Todo comienza con los ciclos. El día y la noche, el frío del invierno y el calor del verano. Todo vuelve, nada es nuevo salvo la catástrofe que aterroriza al hombre y termina por convertirse en leyenda: la gran inundación, el viento que se llevó al poblado, los rayos que incendiaron el bosque. Lo regular, lo que ocurre todos los días, el ciclo, proporciona seguridad. El sol se eleva por la mañana y se pone por la tarde. Luego viene la luna y las estrellas. Dormiremos y el sol volverá a salir. En el ritmo encontramos algo a lo que agarrarnos. El hombre de las cavernas juega a predecir el efecto a partir de las causas.

Durante el desarrollo cognitivo infantil sucede algo similar. El niño no se cansa de jugar siempre a lo mismo, de oír siempre la misma historia por la noche, de saberse de memoria la película y seguir viéndola hasta la saciedad. Causa y efecto. Ahora pasará esto. El niño está contento porque predice el futuro con seguridad. Una piedra que cae. Siempre cae. Una pelota que bota. Siempre bota. El juego repetitivo, seguro, determinista pero a la vez azaroso, reafirma el conocimiento de las causas y los efectos. Reduce la complejidad y la incertidumbre del mundo exterior poniendo reglas, generando ritos, haciendo círculos sagrados o tableros con casillas. El juego, el rito, la vida. Todos queremos que Messi haga lo que hace siempre, que tire una diagonal de derecha a izquierda con la pelota atada a los pies, que deje atrás a cinco contrarios y lance el zurdazo letal a la red. El jugador de ajedrez que ha interiorizado las ideas de una apertura se siente seguro al jugarla y esa familiaridad reafirma el sentido de pertenencia a un grupo de iniciados. El bar de Rick en el corazón de Casablanca, su mesa apartada, el tablero, las piezas, los movimientos.

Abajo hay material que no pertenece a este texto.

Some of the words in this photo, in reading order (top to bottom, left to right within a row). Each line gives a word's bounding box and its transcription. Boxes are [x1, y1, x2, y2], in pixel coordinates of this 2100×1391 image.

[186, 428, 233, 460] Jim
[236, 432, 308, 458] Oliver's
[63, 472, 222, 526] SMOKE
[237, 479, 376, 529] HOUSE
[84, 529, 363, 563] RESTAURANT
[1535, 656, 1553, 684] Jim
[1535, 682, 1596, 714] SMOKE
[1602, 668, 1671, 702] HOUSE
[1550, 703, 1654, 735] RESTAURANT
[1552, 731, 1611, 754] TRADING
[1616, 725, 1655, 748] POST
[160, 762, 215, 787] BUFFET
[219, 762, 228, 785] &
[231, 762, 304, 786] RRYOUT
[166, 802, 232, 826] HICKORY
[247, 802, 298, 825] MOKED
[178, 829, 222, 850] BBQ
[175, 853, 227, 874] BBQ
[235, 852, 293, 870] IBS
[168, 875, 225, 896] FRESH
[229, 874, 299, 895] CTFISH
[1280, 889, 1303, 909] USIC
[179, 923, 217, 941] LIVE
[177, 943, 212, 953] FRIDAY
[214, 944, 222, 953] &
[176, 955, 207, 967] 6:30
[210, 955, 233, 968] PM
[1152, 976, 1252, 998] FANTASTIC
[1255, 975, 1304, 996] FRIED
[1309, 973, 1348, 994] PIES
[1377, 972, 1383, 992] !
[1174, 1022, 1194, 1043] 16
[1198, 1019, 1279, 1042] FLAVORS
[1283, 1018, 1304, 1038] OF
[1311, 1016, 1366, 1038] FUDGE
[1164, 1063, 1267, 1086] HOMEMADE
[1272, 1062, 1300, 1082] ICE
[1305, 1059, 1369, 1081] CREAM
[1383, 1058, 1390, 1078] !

Volvamos brevemente sobre el círculo, un ámbito donde existen leyes propias (leyes sagradas), patrones llenos de significados para el iniciado, un elemento de azar que, sin embargo, está regido por leyes sobrenaturales. Juegos de adivinación, oráculos, el I Ching, piezas que caen sobre un círculo sagrado y, de pronto, un tablero. En este nuevo espacio hay casillas que delimitan las posibilidades, piezas que las recorren sorteando peligros para llegar al final del camino en el mismo centro donde se encuentra la recompensa (el viejo bisonte de la hechicera), es el parchís milenario. El tablero se reconvierte en el ashtapada de 64 casillas y los cuatro vértices del parchís son ahora ejércitos, asistimos al nacimiento del chaturanga. Más adelante, los cuatro ejércitos se convertirán en dos y las formas primitivas del ajedrez habrán visto la luz, hacia el siglo VII de la era común.

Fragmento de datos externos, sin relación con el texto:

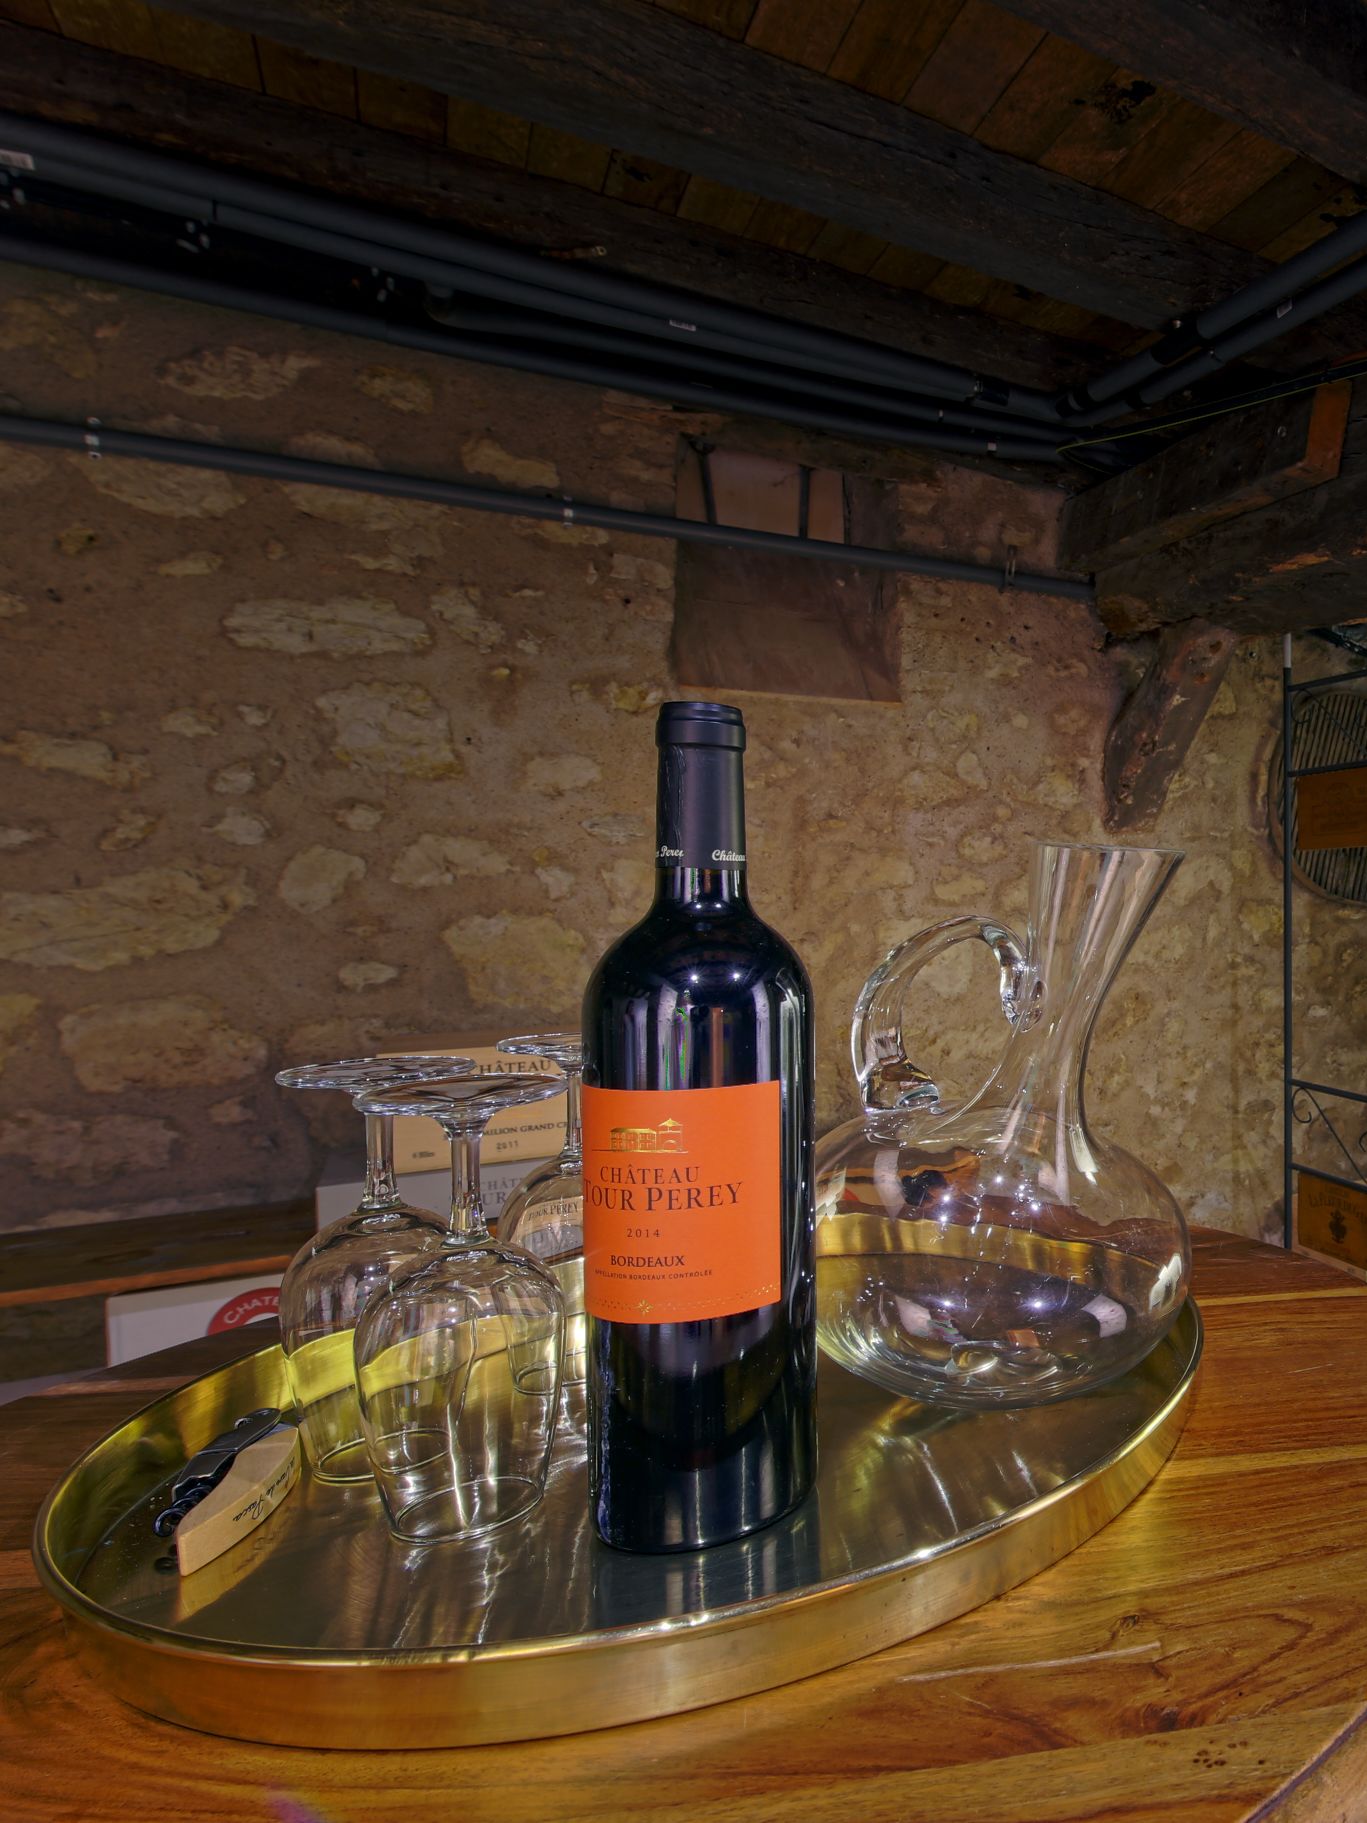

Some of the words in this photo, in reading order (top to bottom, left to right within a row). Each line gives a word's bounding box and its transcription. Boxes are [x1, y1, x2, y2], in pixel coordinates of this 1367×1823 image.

[520, 1122, 554, 1133] GRAND
[600, 1163, 700, 1185] CHÂTEAU
[584, 1178, 636, 1211] TOUR
[645, 1181, 744, 1212] PEREY
[627, 1228, 662, 1239] 2014
[610, 1254, 685, 1268] BORDEAUX
[629, 1273, 666, 1281] BORDEAUX

Durante estos viajes, hemos asistido a una transformación de ida y vuelta, comenzando por el juego animal hacia lo oculto, misterioso y sagrado, para volver nuevamente hacia lo lúdico; una transformación que no nos puede dejar impasibles, ya que se trata del viaje del conocimiento. Formas de comprender la complejidad del mundo. Falta otro viaje fundamental, que dará vida al juego que hoy disfrutamos, un largo camino hacia Persia, norte de África y Europa que lo irá convirtiendo en el ajedrez moderno. Pero esa historia la dejamos para la próxima.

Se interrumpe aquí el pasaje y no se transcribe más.